The Staffing Crisis: Send a True Message & Do Simple Things

By Cindy Gensamer, Vice President, Absolute Rehabilitation


Staffing problems are top of mind in every circle of post-acute care leadership. Most leaders describe it as a “crisis” not just a problem. While it is true, there seems to be help-wanted signs in every employment sector competing for employees, post-acute care offers much more than other competing sectors.


Every day, direct care personnel working in skilled nursing facilities can end their shift feeling like they saved lives. It is very true, these employees feed people that aren’t able to eat independently. They hydrate, reposition, medicate, assist in every imaginable manner, and, by and large, offer kindness and security to a vulnerable population. The nobility of their daily tasks cannot be overstated.


Employers such as big box retailers, culinary establishments, and those that ship items to the home simply cannot compete with the feeling of accomplishment felt by serving others. Serving others in a manner that saves their life. There is an ancient book of wisdom that states, “there is more happiness in giving than in receiving.” This does seem to be how humans are “wired.” Letting direct care personnel know the impact they make on their patients every day is a differentiator.

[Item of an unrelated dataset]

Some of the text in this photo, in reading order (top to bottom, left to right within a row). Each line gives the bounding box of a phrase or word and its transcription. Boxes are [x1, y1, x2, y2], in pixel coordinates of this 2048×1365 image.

Imagine an Administrator standing by the time clock at the end of the shift and shaking nurse aides’ hands, thanking them for saving lives today. The spring in their step would be noticeable, try it! Help direct care employees understand the big picture, they are serving the most vulnerable population of people. There is a great deal of satisfaction that can be had by pondering over what they did during their shift and how it made a difference. It is not a cliché, they are actually saving and enriching lives.

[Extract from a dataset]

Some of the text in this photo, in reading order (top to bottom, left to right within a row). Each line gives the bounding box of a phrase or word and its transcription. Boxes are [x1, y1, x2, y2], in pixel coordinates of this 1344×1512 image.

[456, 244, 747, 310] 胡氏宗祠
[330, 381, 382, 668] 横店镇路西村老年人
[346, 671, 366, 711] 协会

Beyond appreciating the fact that direct care personnel save and enrich lives, other simple things matter as leaders attempt to retain employees being inundated with other opportunities. Simple things like knowing their name, knowing their family members by name, giving them eye contact and offering thanks with sincerity. The ROI on meeting with new employees on their first day and getting them excited to save lives and end each shift with a great deal of satisfaction cannot be quantified.


In addition to knowing your staff and getting them excited to save and enrich lives, other simple things matter. Effective leaders will know their circumstances, is transportation needed? What shift and schedule works best for their family? Are they constantly barraged with text messages begging them to pick up other shifts? Is guilt placed on the employee that simply can’t work over or extra shifts? Have you filled the face to face opportunities to interact with your staff that was eliminated by direct deposit and online education? Is your staff hungry? I have heard of facilities improving retention simply by providing peanut butter and bread in the lunch room that employees could eat at no cost.

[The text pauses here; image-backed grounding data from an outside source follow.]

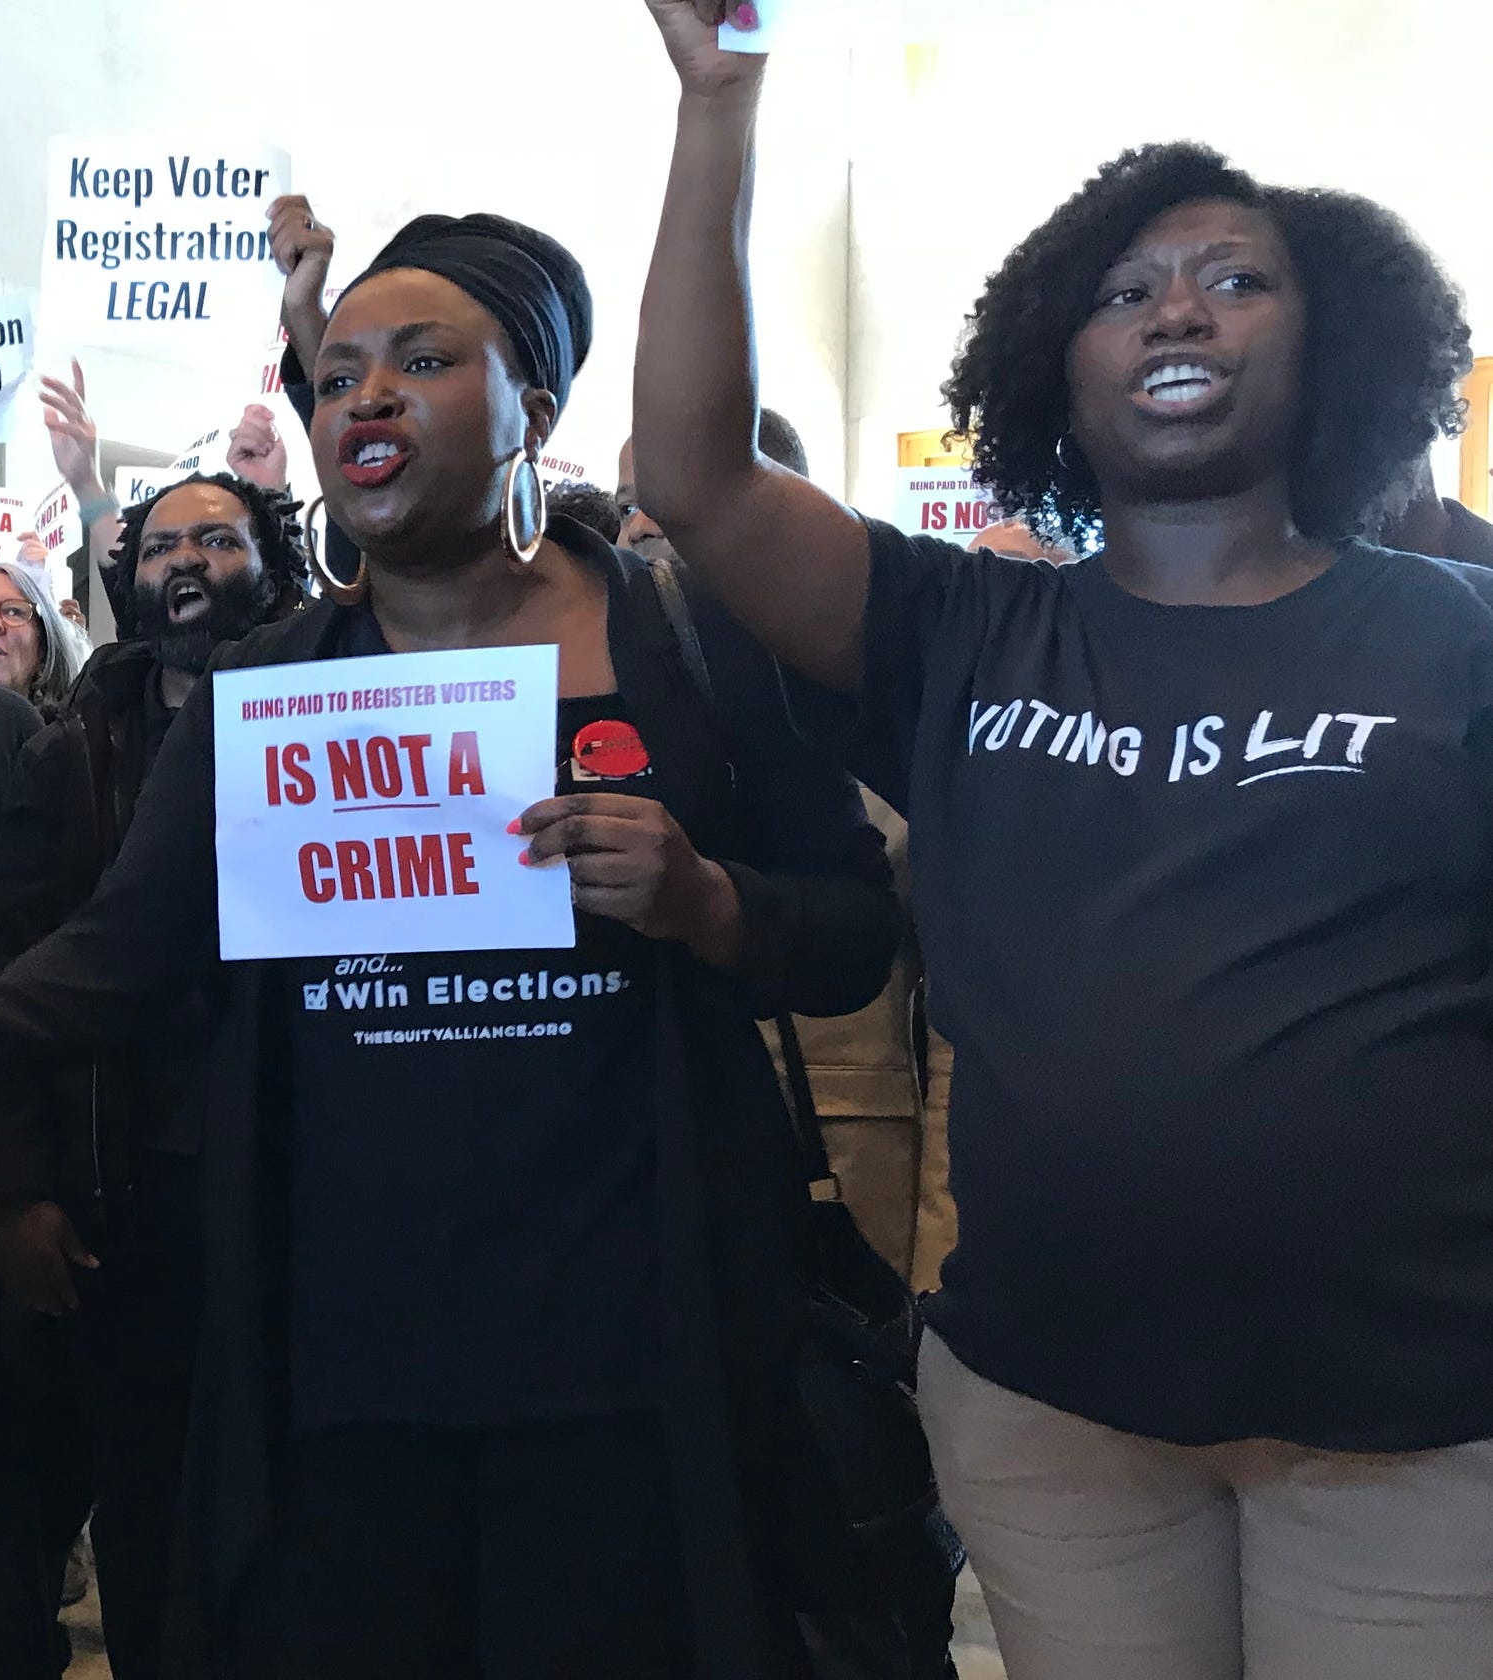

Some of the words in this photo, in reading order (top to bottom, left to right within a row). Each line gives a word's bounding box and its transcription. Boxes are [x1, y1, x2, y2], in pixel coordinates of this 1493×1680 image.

[70, 156, 153, 208] Keep
[168, 155, 270, 199] Voter
[107, 281, 210, 321] LEGAL
[541, 455, 584, 478] HB1079
[910, 481, 934, 490] BEING
[936, 481, 955, 490] PAID
[958, 480, 967, 489] TO
[0, 512, 12, 532] A
[41, 499, 58, 530] NOT
[60, 494, 68, 513] A
[921, 501, 947, 530] IS
[954, 501, 988, 529] NO
[44, 525, 64, 550] IME
[242, 698, 284, 721] BEING
[287, 693, 323, 717] PAID
[327, 692, 347, 713] TO
[351, 684, 436, 711] REGISTER
[440, 679, 516, 705] VOTERS
[967, 699, 1142, 776] VOTING
[1168, 715, 1225, 783] IS
[1243, 709, 1397, 764] LIT
[265, 742, 317, 807] IS
[326, 734, 432, 802] NOT
[448, 731, 486, 796] A
[298, 832, 480, 904] CRIME
[334, 954, 403, 975] and...
[335, 978, 408, 1009] Win
[353, 1022, 572, 1045] THEEQUITYALLIANCE.ORG

Leaders that spend time caring about those performing direct care to their patients will have much more success than those that spend hours looking at “big data.” Spreading the message that other employers simply cannot compete with the level of job satisfaction in helping others and offering other simple solutions will help to abate the crisis. Remember, these employees earn much more than a paycheck for the services they deliver, remind them of that fact.